WORK REQUEST. Pictures are to be left out, and the rest of the records reproduced exactly.

Entries taken from a collection
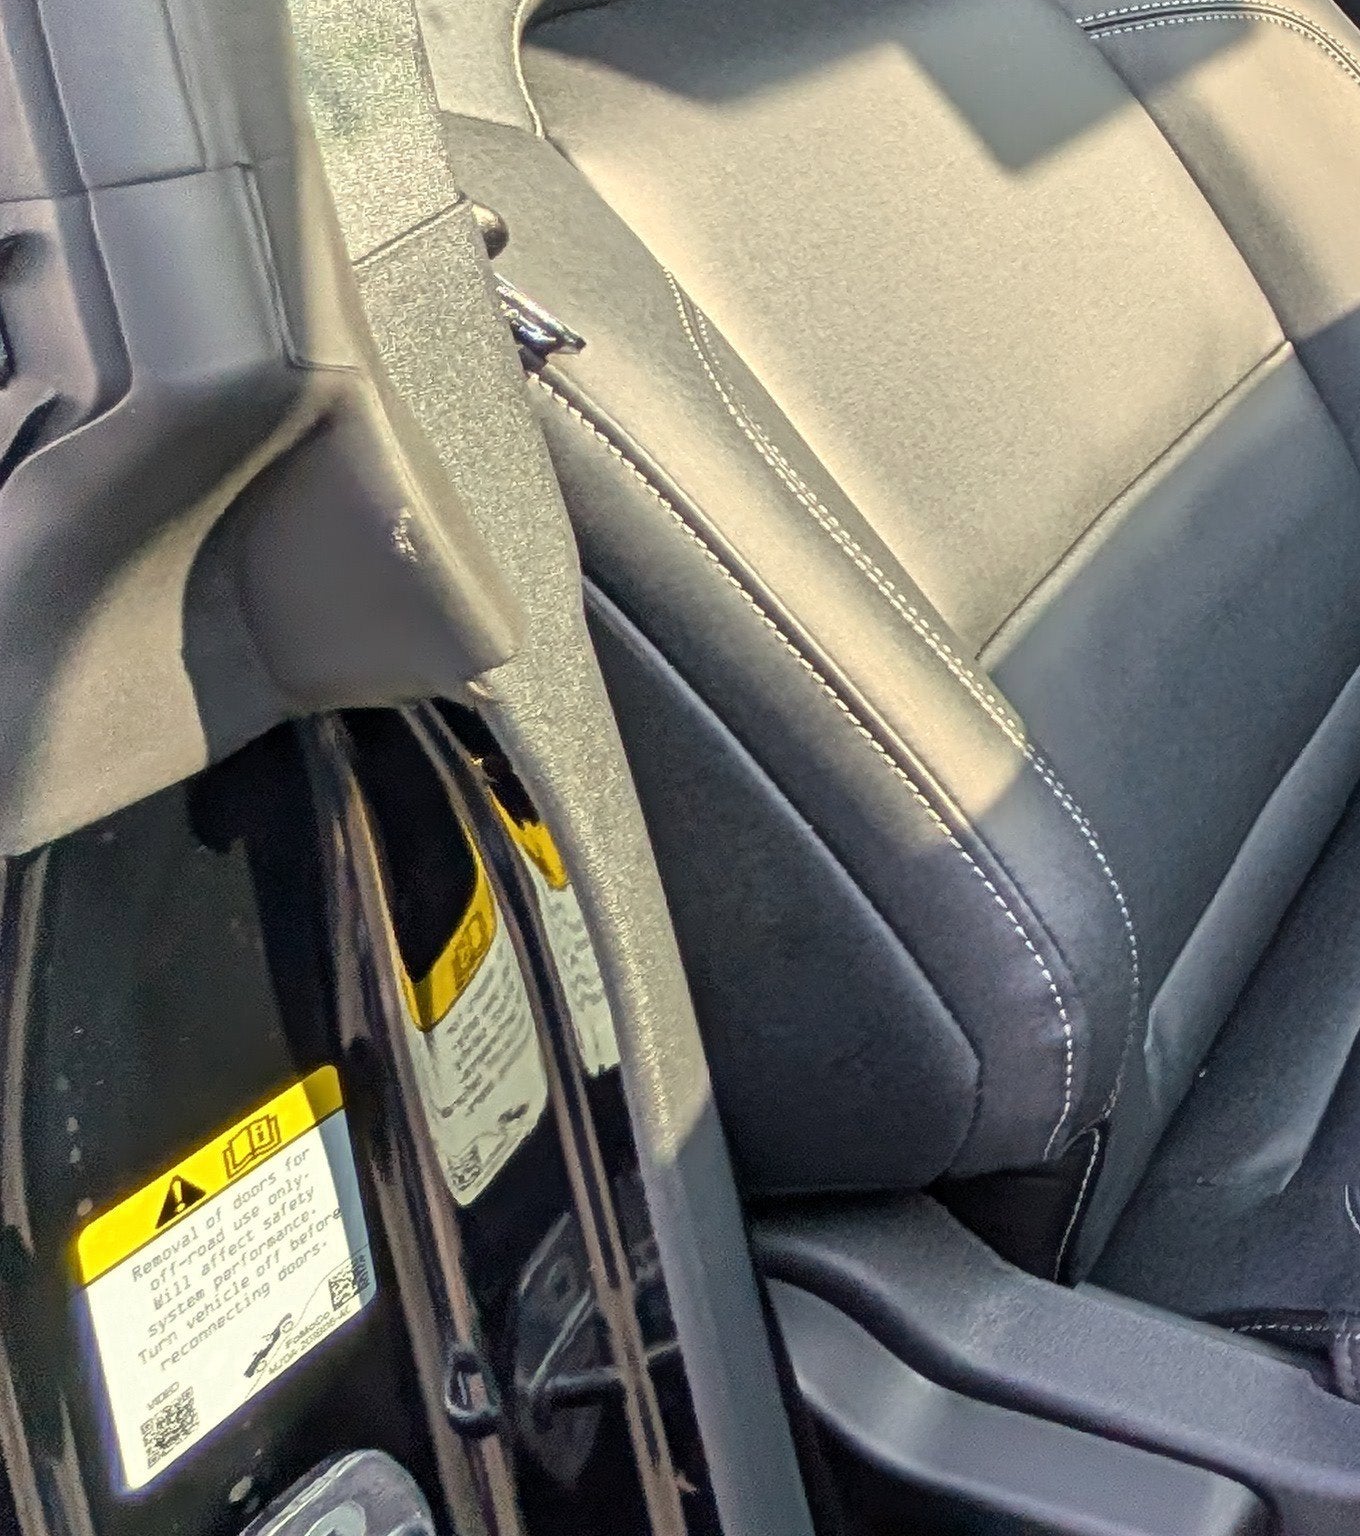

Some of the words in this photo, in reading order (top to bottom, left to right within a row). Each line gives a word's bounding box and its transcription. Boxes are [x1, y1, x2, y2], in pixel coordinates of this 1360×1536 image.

[131, 1226, 200, 1283] Removal
[206, 1206, 223, 1229] of
[233, 1172, 278, 1211] doors
[284, 1147, 311, 1172] for
[147, 1288, 206, 1338] system
[213, 1208, 316, 1290] performance.
[150, 1228, 226, 1291] off-road
[233, 1206, 260, 1231] use
[268, 1173, 310, 1206] only.
[153, 1276, 191, 1311] Will
[201, 1230, 256, 1277] affect
[263, 1185, 315, 1231] safety
[138, 1331, 179, 1365] Turn
[186, 1276, 250, 1330] vehicle
[256, 1249, 281, 1278] off
[289, 1207, 344, 1252] before
[160, 1281, 271, 1371] reconnecting
[278, 1241, 328, 1282] doors.

EXPECTED ANSWER.
Some of the words in this photo, in reading order (top to bottom, left to right within a row). Each line gives a word's bounding box and its transcription. Boxes are [x1, y1, x2, y2], in pixel coordinates of this 1360×1536 image.

[131, 1226, 200, 1283] Removal
[206, 1206, 223, 1229] of
[233, 1172, 278, 1211] doors
[284, 1147, 311, 1172] for
[147, 1288, 206, 1338] system
[213, 1208, 316, 1290] performance.
[150, 1228, 226, 1291] off-road
[233, 1206, 260, 1231] use
[268, 1173, 310, 1206] only.
[153, 1276, 191, 1311] Will
[201, 1230, 256, 1277] affect
[263, 1185, 315, 1231] safety
[138, 1331, 179, 1365] Turn
[186, 1276, 250, 1330] vehicle
[256, 1249, 281, 1278] off
[289, 1207, 344, 1252] before
[160, 1281, 271, 1371] reconnecting
[278, 1241, 328, 1282] doors.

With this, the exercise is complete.